ALL of this should only be done in an interactive session on the cluster
First login to ganesh, then
srun -t 1-0 -c 4 -n 1 --mem 10000 --reservation workshop --pty /bin/bash
The goal of today is to process raw Illumina sequence reads to abudance tables for the 16sV1-V3 amplicon set. To do so we first need to 1) have all the software installed and working, and 2) have the Illumina sequence data within our project folder (mca_example). We then need to prepare the input metadata files: barcodes, primers, and samples. Amplicon processing with dbcAmplicons includes the following steps: preprocessing, join, classify and abundances.
Today we'll process at least one amplicon set to completion, should there be extra time, begin processing the others, or over the next week process the others as practice.

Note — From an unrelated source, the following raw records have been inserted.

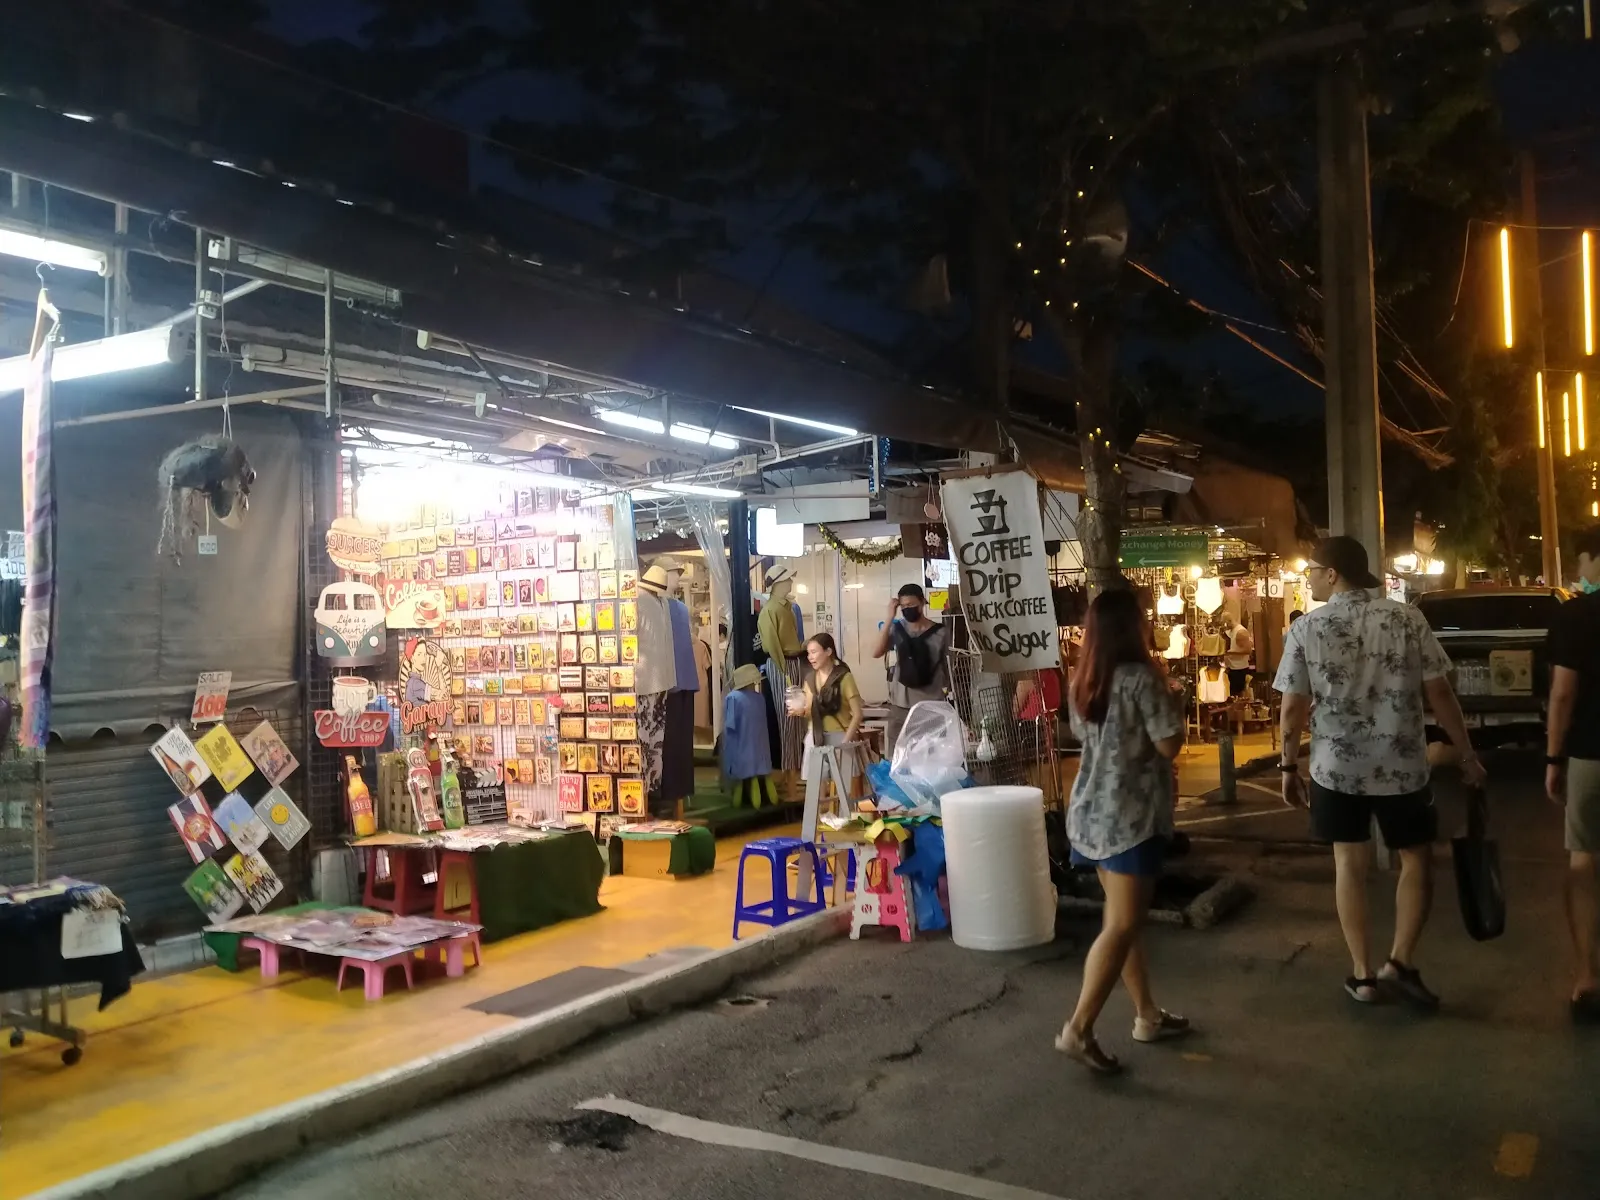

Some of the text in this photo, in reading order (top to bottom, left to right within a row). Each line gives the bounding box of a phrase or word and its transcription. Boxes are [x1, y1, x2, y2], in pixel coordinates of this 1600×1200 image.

[328, 533, 382, 556] BURGERS
[959, 535, 1033, 566] COFFEE
[1120, 539, 1204, 551] xchange Money
[385, 580, 428, 611] Coffee
[965, 567, 1022, 598] Drip
[337, 614, 352, 626] Life
[966, 596, 1048, 623] BLACK COFFEE
[971, 623, 1052, 658] No Sugar
[192, 694, 227, 719] 100
[401, 696, 455, 734] Garage
[314, 708, 387, 743] Coffee
[359, 733, 381, 743] SHOP
[560, 801, 579, 809] SIAM
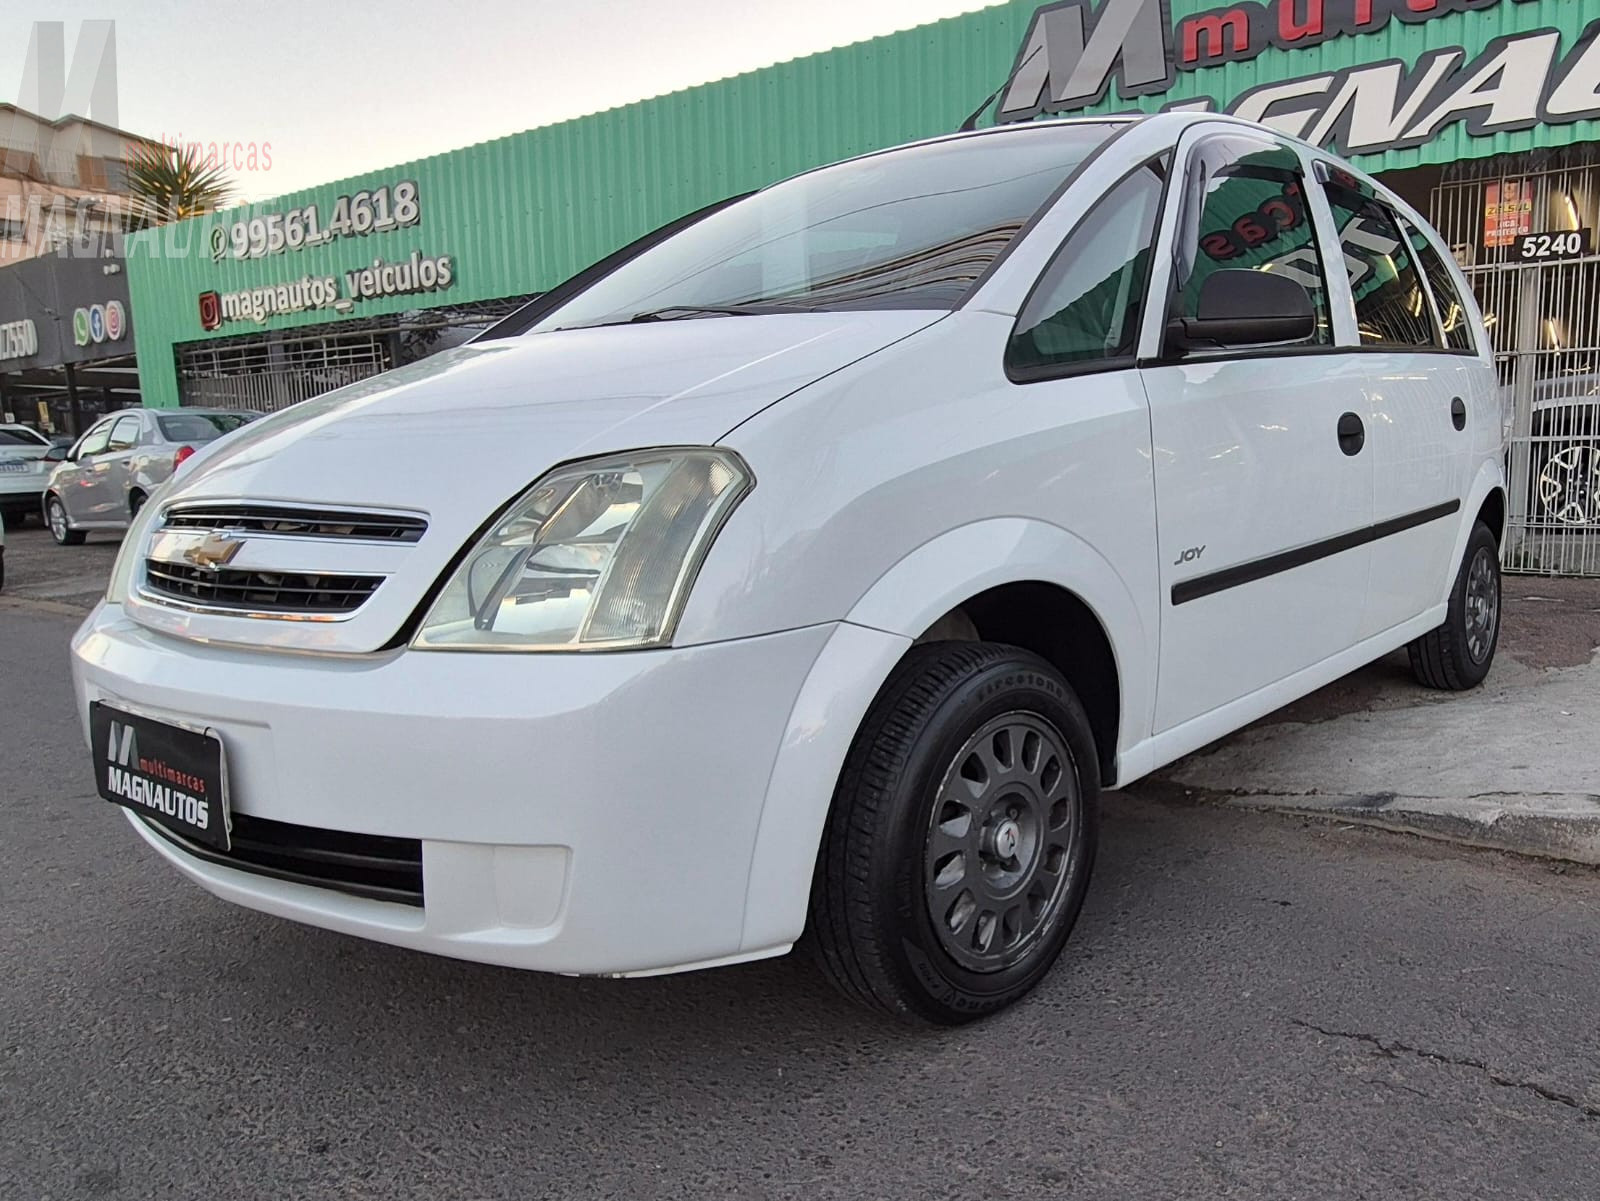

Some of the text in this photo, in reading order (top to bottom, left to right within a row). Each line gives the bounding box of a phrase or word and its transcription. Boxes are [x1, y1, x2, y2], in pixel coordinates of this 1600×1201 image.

[1183, 0, 1436, 62] mu
[231, 181, 420, 259] 99561.4618
[1521, 233, 1581, 258] 5240
[221, 250, 452, 324] magnautos_veiculos
[1174, 544, 1206, 566] JOY
[107, 766, 209, 830] MAGNAUTOS
[139, 757, 206, 793] multimarcas

1. First lets validate our install and environment
Change directory into the workshops space
cd
cd mca_example
ls --color
you should see 3 directories: bin, Illumina_Reads and src
Lets verify the software is accessible
dbcVersionReport.sh
you should see the version info for dbcAmplicons, flash2 and RDP.
Lets look at the first few reads of each file, below is an example line to view the first file.
zless Illumina_Reads/Slashpile_only_R1.fastq.gz | head
Next lets make a metadata directory and transfer our barcode, primer and sample sheet to their
mkdir metadata
We can pull down the already prepared barcode and primer tables from github
cd metadata
wget https://raw.githubusercontent.com/ucdavis-bioinformatics-training/2017-September-Microbial-Community-Analysis-Workshop/master/metadata/dbcBarcodeLookupTable.txt
wget https://raw.githubusercontent.com/ucdavis-bioinformatics-training/2017-September-Microbial-Community-Analysis-Workshop/master/metadata/PrimerTable.txt
You will also need to transfer the sample sheet you created into the metadata directory
Once all the metadata tables are in the metadata folder, lets go back to the main workshop folder
cd ..
If all this is correct, we are ready to begin.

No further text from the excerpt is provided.